Despite all the case histories supposedly being recalled, not one is authenticated in a documentary manner.The only recognizable pieces of documentation are clips from other movies: stock footage of ships and planes, a tank-shot storm scene from a seafaring melodrama, cataclysm scenes from a costume melodrama about Atlantis.
Since every depiction is obviously faked, why not let out the stops and have some fun with the fakery? One can't escape the conclusion that the producers think of their public as incorrigible, unobservant numbskills. For example, there's a whopper about a ghost ship "tacking in the wind, but there is no wind." However, that's definitely a strong wind rustling through the sails of the ship we're shown and churning up the sea around it. There's a portentous episode abouth a voyage of the Queen Elizabeth II in which it's impossible to determine what, if anything, untoward may have happened as the great ship cruised through the dreaded Triangle. The alleged mystery is outrageously unspecified.
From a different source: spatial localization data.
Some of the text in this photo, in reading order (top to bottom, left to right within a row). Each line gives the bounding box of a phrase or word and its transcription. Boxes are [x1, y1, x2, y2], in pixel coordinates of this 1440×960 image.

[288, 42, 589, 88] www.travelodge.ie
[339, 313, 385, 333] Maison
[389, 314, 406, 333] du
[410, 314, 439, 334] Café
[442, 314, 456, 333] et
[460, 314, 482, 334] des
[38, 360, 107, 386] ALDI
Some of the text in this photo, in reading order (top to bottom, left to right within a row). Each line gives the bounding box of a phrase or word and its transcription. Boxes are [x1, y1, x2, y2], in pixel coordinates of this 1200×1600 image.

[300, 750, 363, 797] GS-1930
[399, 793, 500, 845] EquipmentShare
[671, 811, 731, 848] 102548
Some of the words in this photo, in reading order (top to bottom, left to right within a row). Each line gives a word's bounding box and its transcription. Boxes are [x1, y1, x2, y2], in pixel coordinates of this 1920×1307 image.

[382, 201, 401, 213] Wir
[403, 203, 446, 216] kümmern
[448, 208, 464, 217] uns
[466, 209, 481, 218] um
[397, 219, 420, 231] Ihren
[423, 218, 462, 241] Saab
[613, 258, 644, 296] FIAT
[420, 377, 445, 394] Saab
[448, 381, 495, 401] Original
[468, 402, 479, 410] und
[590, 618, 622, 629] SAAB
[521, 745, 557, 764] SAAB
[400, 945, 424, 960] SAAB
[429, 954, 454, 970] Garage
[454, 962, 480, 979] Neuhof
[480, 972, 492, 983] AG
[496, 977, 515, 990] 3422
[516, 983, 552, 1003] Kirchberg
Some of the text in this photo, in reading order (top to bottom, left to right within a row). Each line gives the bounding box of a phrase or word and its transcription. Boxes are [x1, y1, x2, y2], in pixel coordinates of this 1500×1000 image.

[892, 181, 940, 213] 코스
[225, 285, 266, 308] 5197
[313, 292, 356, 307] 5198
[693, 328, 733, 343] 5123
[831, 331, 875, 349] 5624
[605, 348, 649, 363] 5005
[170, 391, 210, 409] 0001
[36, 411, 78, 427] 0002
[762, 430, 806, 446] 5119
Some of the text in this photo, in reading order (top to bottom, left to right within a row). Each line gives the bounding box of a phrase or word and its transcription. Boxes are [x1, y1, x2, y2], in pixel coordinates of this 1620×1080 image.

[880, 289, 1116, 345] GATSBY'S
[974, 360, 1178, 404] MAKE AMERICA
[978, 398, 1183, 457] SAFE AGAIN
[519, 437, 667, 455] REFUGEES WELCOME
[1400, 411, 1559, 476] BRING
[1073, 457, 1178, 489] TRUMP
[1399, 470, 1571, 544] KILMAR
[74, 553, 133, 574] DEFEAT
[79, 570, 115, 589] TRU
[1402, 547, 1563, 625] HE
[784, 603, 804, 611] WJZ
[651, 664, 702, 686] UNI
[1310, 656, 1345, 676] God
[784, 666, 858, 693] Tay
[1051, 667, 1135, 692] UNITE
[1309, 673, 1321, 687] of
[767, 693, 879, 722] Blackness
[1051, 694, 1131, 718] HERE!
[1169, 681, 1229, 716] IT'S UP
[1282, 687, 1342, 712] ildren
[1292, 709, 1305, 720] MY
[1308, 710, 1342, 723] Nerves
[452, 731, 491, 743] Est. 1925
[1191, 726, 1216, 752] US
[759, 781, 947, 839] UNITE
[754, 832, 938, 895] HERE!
I caught both "The Bermuda Triangle" and "Sasquatch" at Saturday matinees where kids made up the majority of the audience. The monster movie hokum that gave them some provocation for screaming or hooting at "Sasquatch" is missing from "Triangle," which stirred only incidental curiosity, typically when something was blown up or a UFO was visualized.
The movie offered so little stimulation that it seemed to trigger an inordinate amount of noise and rowdyism. The boys launching missiles and setting up a racket in the balcony might have been better off at "The Warriors." Not to mention the customers on the ground floor. Anti-social acts are almost always blamed on movies that are exciting to watch. While such accusations probably have some merit, they ignore the potentially undesirable effects of exposing restless kids to boring, understimulating films.
Perhaps a juvenile fantasy as supercharged as "The Warriors" can create PROBLEMS AFTER THE KIDS LEAVE THE THEATER, BUT IT'S LIKELY TO RIVET THEIR EYES ON THE SCREEN WHILE IT'S RUNNING. A plodder like "Triangle" loses them so fast that restless energy turns into disruptive behavior during the show itself.